Sen. Joe Manchin III (D-W.Va.) has been the loudest Democratic voice calling for a bipartisan plan; some of his Democratic colleagues are less confident that Republicans are willing to vote for a bill that Democrats can also support. Whether its impatience, skepticism or both, Democrats have laid the groundwork for a potential reconciliation bill, even if they don’t have the votes in their own caucus to pass it yet.
“I’ve seen this movie before — it’s called the Affordable Care Act,” cautioned Sen. Richard J. Durbin (D-Ill.). “We waited a calendar year for bipartisanship, and it never, ever appeared.”
But beyond impatience, or skepticism that the requisite number of GOP votes will appear, other Democrats are starting to caution that they’re negotiating away too many of their preferred agenda items — including things they promised to voters last November.
House Speaker Nancy Pelosi (D-Calif.) seemed to want to remind Biden and Senate Majority Leader Charles E. Schumer (D-N.Y.) over the weekend that the House also has to vote on any bill they want to pass into law — and House Democrats might not accept what they see as a scaled-back bill that abandons key Democratic priorities.
“I don't know how we can possibly sell it … to our caucus unless we know there is more to come,” Pelosi said on CNN on Sunday.
And some of the more liberal members of her party have already shown a willingness to defect on votes; three House Democrats voted against a May bill that would have increased funding for security at the Capitol, while three more voted “present,” allowing the bill to just barely pass, 213-212.
One of the members who voted “present,” Rep. Alexandria Ocasio-Cortez (D-N.Y.), has been particularly critical of the removal of funding to combat climate change from infrastructure proposals, accusing Biden and Senate Democrats of “playing patty-cake” with Senate Republicans.
Sen. Martin Heinrich (D-N.M.) tweeted that “An infrastructure package that goes light on climate and clean energy should not count on every Democratic vote.”
Sen. Brian Schatz (D-Hawaii) tweeted, “Just a gentle, friendly reminder that the executive branch doesn’t write the bills,” after a Biden official said the final infrastructure plan could leave out key climate change proposals.
Manchin and a few other Democratic senators have dominated the headlines so far in Biden’s presidency. Manchin in particular seems to be wielding his vote as a tool to force his Democratic colleagues to try to negotiate bipartisan bills, and in some cases to move toward the center in negotiations.

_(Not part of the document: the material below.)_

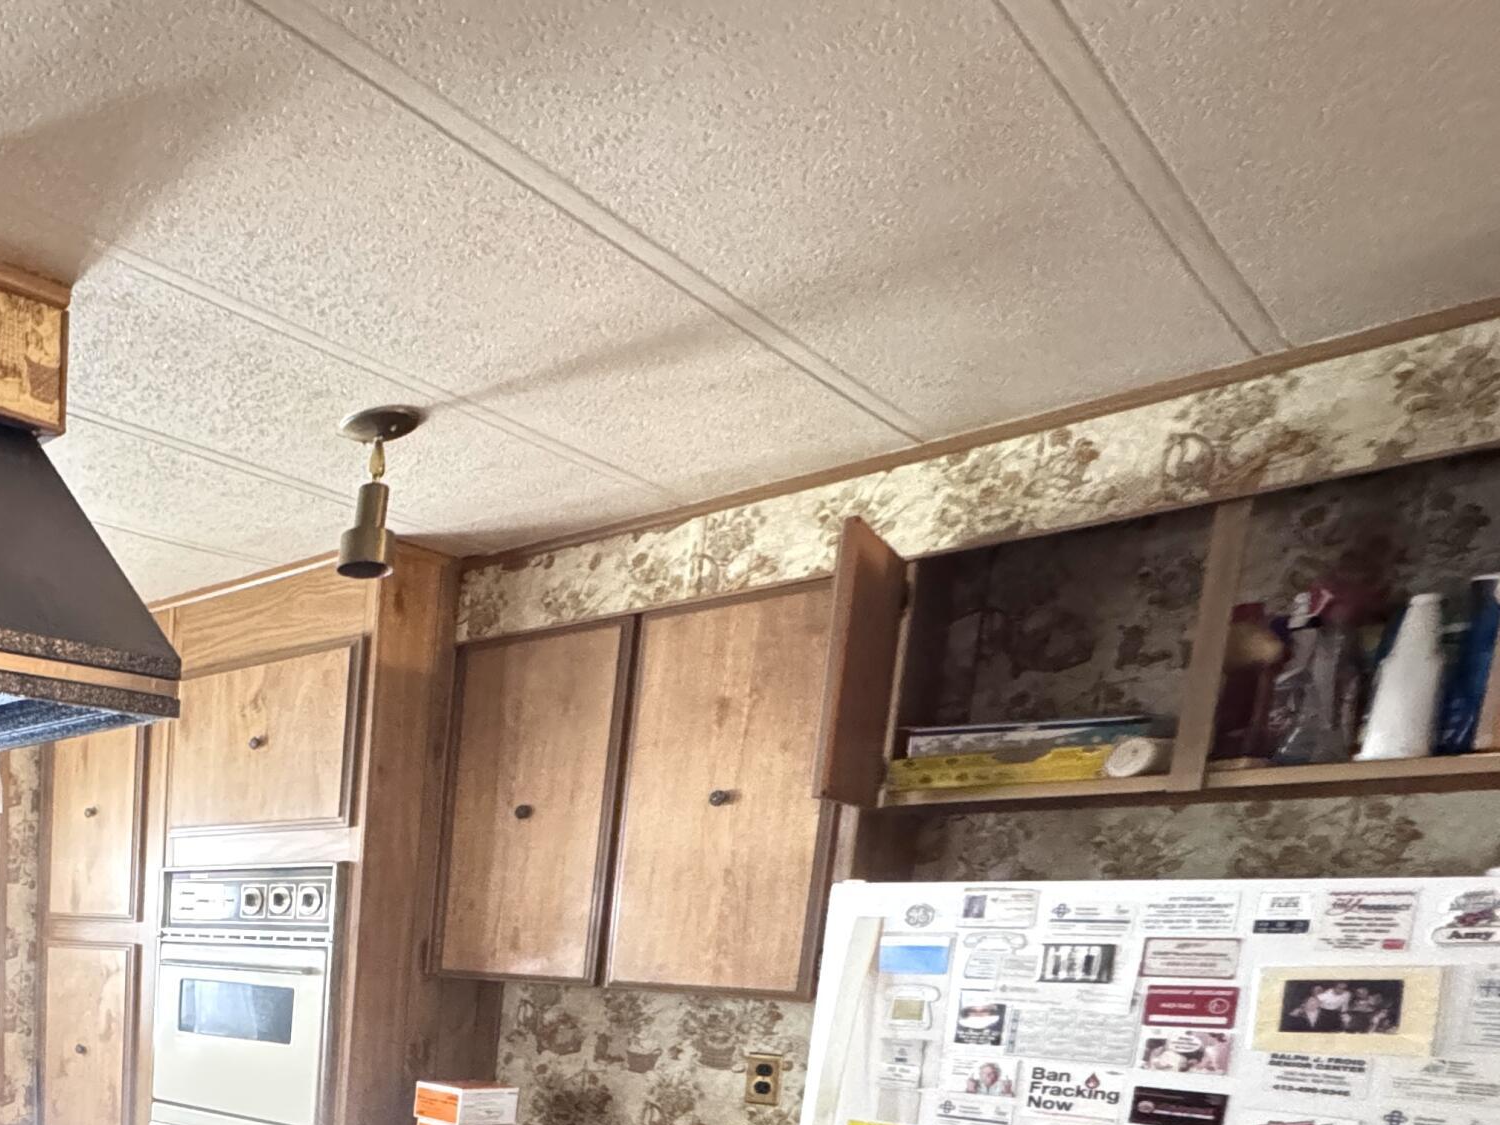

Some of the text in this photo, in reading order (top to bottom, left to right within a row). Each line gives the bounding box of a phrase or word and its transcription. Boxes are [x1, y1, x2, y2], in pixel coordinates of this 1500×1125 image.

[1031, 1067, 1071, 1082] Ban
[1029, 1081, 1120, 1104] Fracking
[1027, 1095, 1073, 1111] Now

But other Democrats realize that their votes could count just as much as Manchin’s — just as liberal House Democrats know the party’s margin in the House is thin enough for them to force the issue, too.
It could be a signal to moderates that the party’s liberals don’t want to see more of the party’s priorities negotiated away for a compromise that still might not get the requisite 10 GOP votes to pass in the Senate in regular order; or it could be a sign those negotiations have already gone further than they’re willing to stomach.
“What is being talked about … this is by and large something that could have been talked about 50 years ago,” Pelosi said of the reduced infrastructure proposals being considered by the bipartisan group of senators. But she wants to see more Democratic agenda items, like money to combat climate change, passed into law. “We’re talking about the future.”